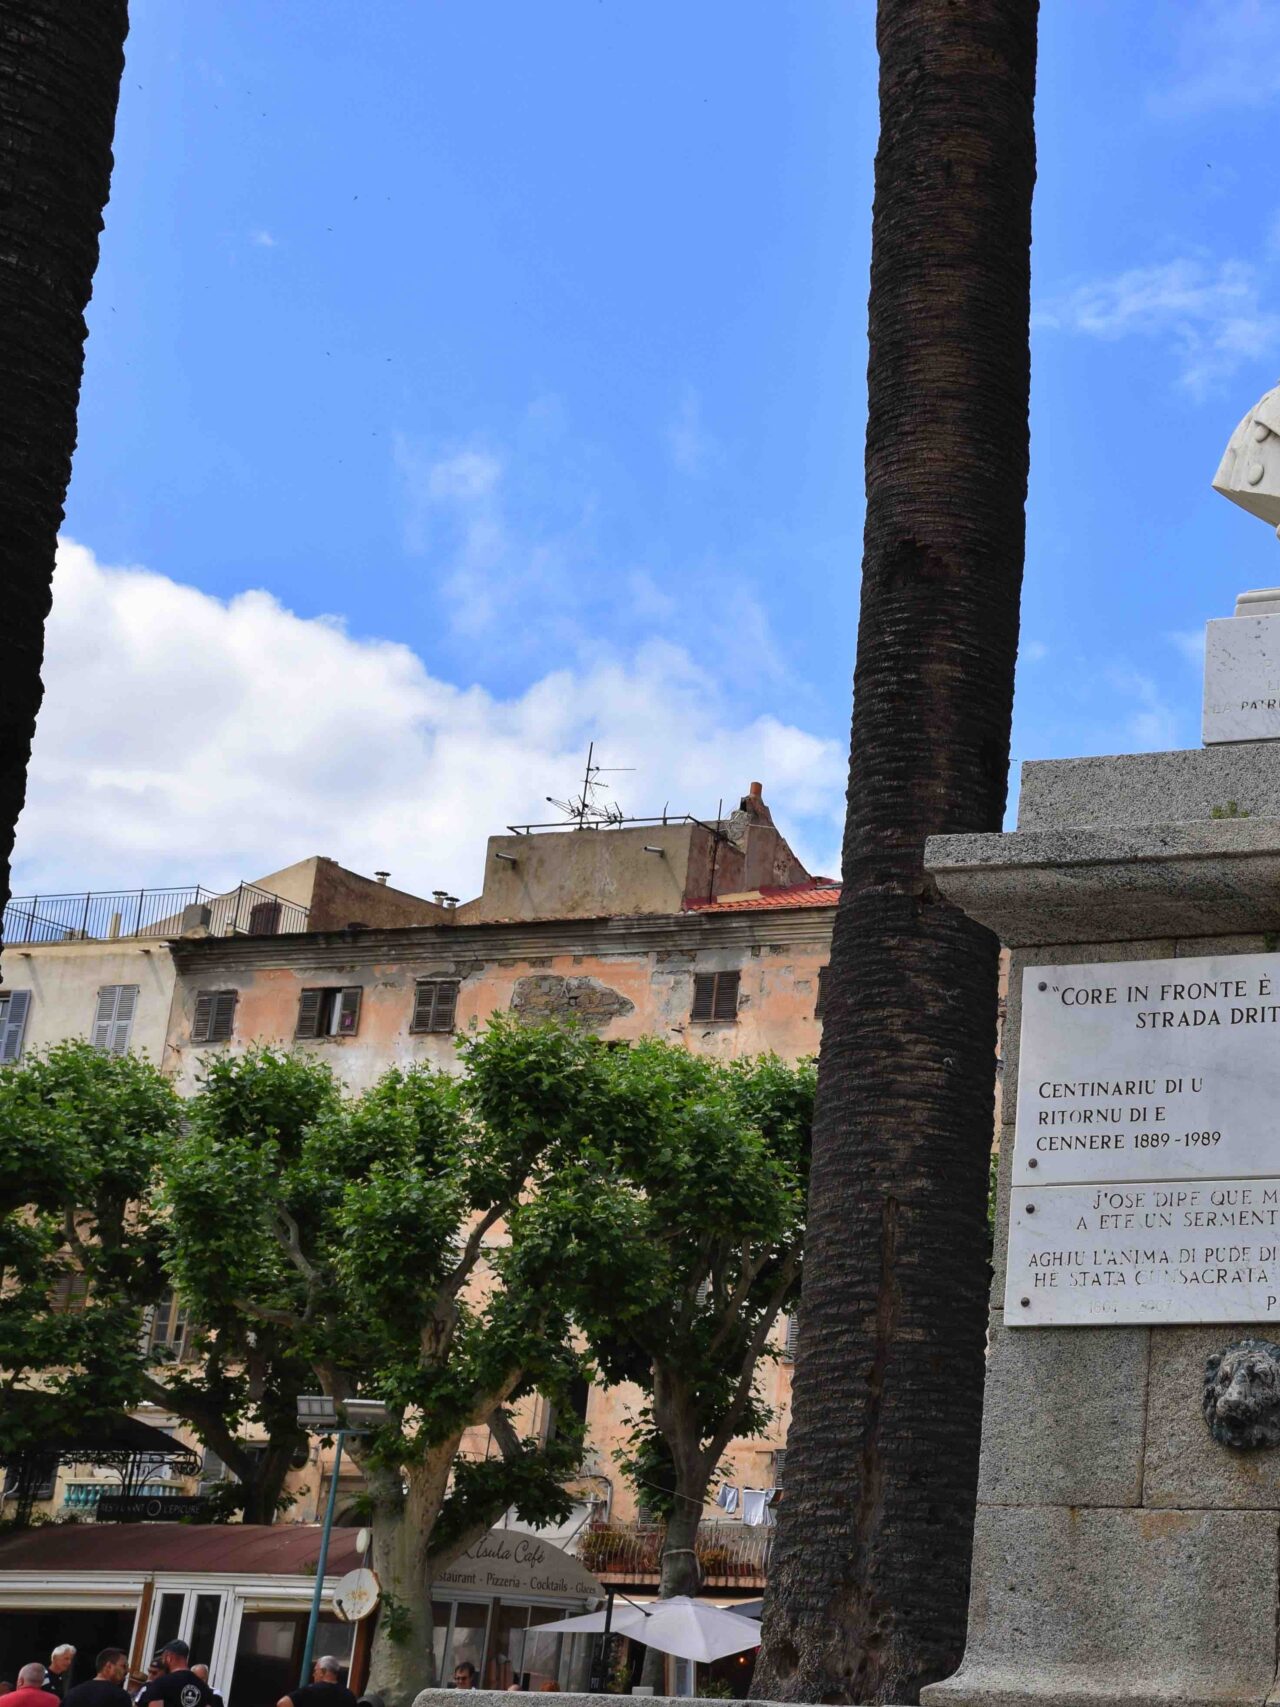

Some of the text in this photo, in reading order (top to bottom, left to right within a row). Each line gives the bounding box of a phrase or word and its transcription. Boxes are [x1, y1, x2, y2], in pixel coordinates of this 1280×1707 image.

[1127, 986, 1149, 1002] IN
[1160, 980, 1248, 1001] FRONTE
[1258, 973, 1272, 996] È
[1135, 1009, 1221, 1029] STRADA
[1038, 1078, 1203, 1099] CENTINARIU DI U
[1038, 1106, 1166, 1125] RITORNU DI E
[1036, 1134, 1125, 1151] CENNERE
[1092, 1189, 1145, 1210] J'OSE
[1210, 1189, 1253, 1206] QUE
[1076, 1216, 1088, 1231] A
[1145, 1212, 1173, 1229] UN
[1183, 1209, 1279, 1228] SERMENT
[1179, 1248, 1196, 1264] DI
[1259, 1246, 1277, 1262] DI
[1069, 1270, 1126, 1287] STATA
[514, 1539, 545, 1568] Café
[486, 1572, 520, 1588] Pizzeria
[530, 1576, 568, 1592] Cocktails
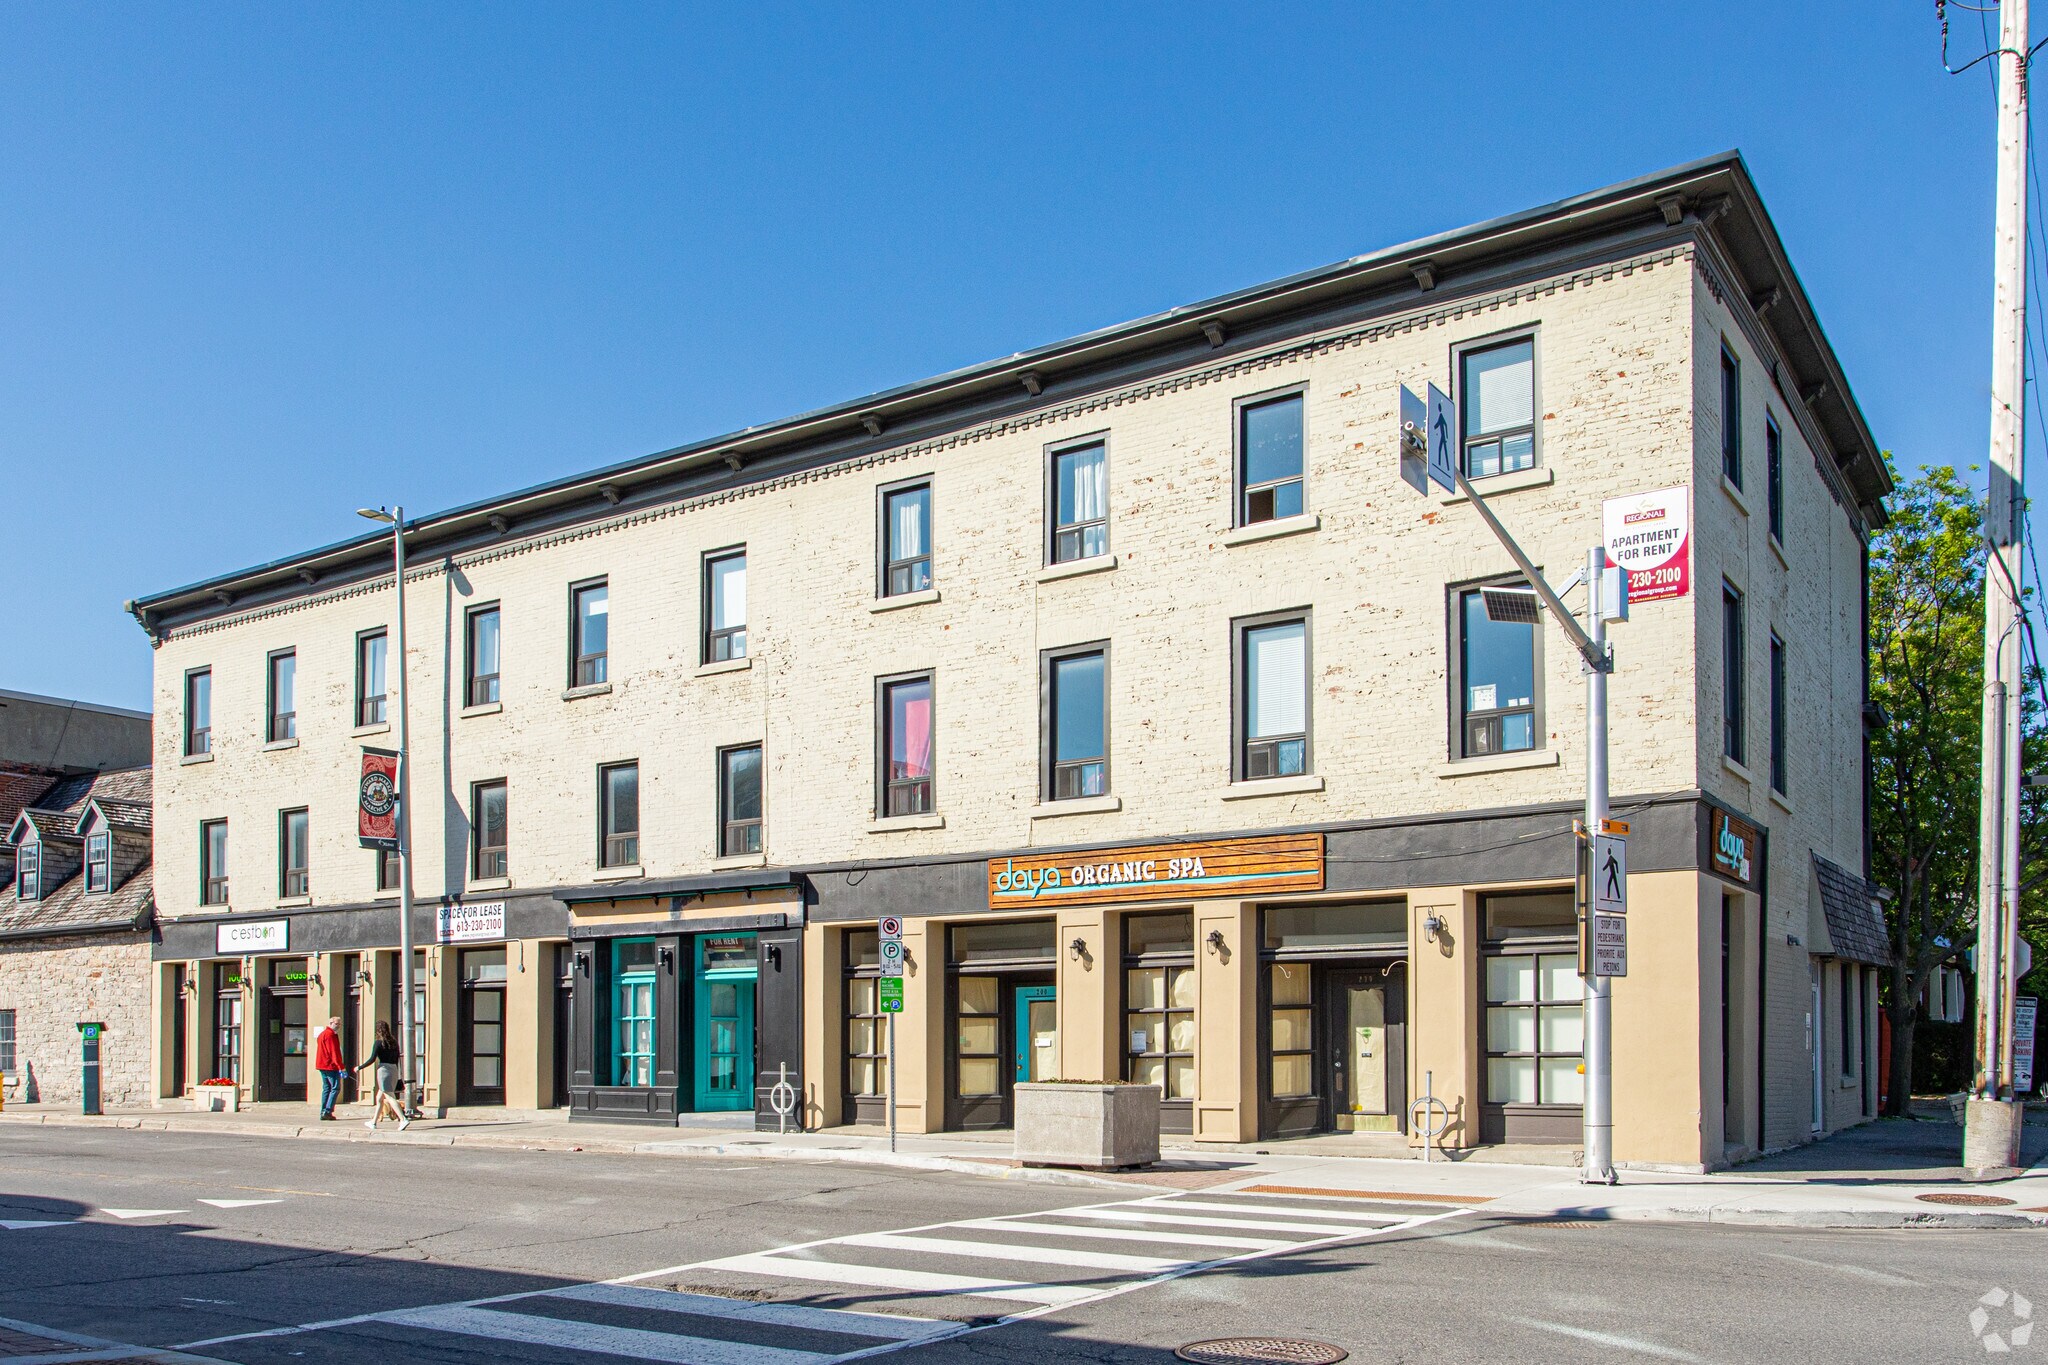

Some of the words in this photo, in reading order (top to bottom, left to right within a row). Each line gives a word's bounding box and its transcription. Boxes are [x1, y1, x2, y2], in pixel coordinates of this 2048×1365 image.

[1626, 510, 1664, 523] REGIONAL
[1612, 527, 1680, 549] APARTMENT
[1617, 548, 1640, 562] FOR
[1643, 542, 1673, 557] RENT
[362, 775, 378, 793] BYWARD
[378, 777, 393, 796] MARKET
[1720, 815, 1745, 870] daya
[996, 859, 1062, 898] daya
[1071, 860, 1157, 886] ORGANIC
[1168, 856, 1206, 879] SPA
[439, 906, 461, 920] SPACE
[463, 906, 478, 918] FOR
[480, 904, 502, 917] LEASE
[456, 918, 502, 932] 613-230-2100
[1600, 919, 1611, 930] STOP
[1612, 920, 1621, 930] FOR
[709, 937, 723, 946] FOR
[723, 937, 739, 945] RENT
[1597, 932, 1625, 943] PEDESTRIANS
[1616, 949, 1625, 959] AUX

◆ Problem to solve
Make an exact copy of every record, pictures excluded.

◆ Solution to this exercise
Some of the text in this photo, in reading order (top to bottom, left to right within a row). Each line gives the bounding box of a phrase or word and its transcription. Boxes are [x1, y1, x2, y2], in pixel coordinates of this 1280×1707 image.

[1127, 986, 1149, 1002] IN
[1160, 980, 1248, 1001] FRONTE
[1258, 973, 1272, 996] È
[1135, 1009, 1221, 1029] STRADA
[1038, 1078, 1203, 1099] CENTINARIU DI U
[1038, 1106, 1166, 1125] RITORNU DI E
[1036, 1134, 1125, 1151] CENNERE
[1092, 1189, 1145, 1210] J'OSE
[1210, 1189, 1253, 1206] QUE
[1076, 1216, 1088, 1231] A
[1145, 1212, 1173, 1229] UN
[1183, 1209, 1279, 1228] SERMENT
[1179, 1248, 1196, 1264] DI
[1259, 1246, 1277, 1262] DI
[1069, 1270, 1126, 1287] STATA
[514, 1539, 545, 1568] Café
[486, 1572, 520, 1588] Pizzeria
[530, 1576, 568, 1592] Cocktails

Some of the words in this photo, in reading order (top to bottom, left to right within a row). Each line gives a word's bounding box and its transcription. Boxes are [x1, y1, x2, y2], in pixel coordinates of this 2048×1365 image.

[1626, 510, 1664, 523] REGIONAL
[1612, 527, 1680, 549] APARTMENT
[1617, 548, 1640, 562] FOR
[1643, 542, 1673, 557] RENT
[362, 775, 378, 793] BYWARD
[378, 777, 393, 796] MARKET
[1720, 815, 1745, 870] daya
[996, 859, 1062, 898] daya
[1071, 860, 1157, 886] ORGANIC
[1168, 856, 1206, 879] SPA
[439, 906, 461, 920] SPACE
[463, 906, 478, 918] FOR
[480, 904, 502, 917] LEASE
[456, 918, 502, 932] 613-230-2100
[1600, 919, 1611, 930] STOP
[1612, 920, 1621, 930] FOR
[709, 937, 723, 946] FOR
[723, 937, 739, 945] RENT
[1597, 932, 1625, 943] PEDESTRIANS
[1616, 949, 1625, 959] AUX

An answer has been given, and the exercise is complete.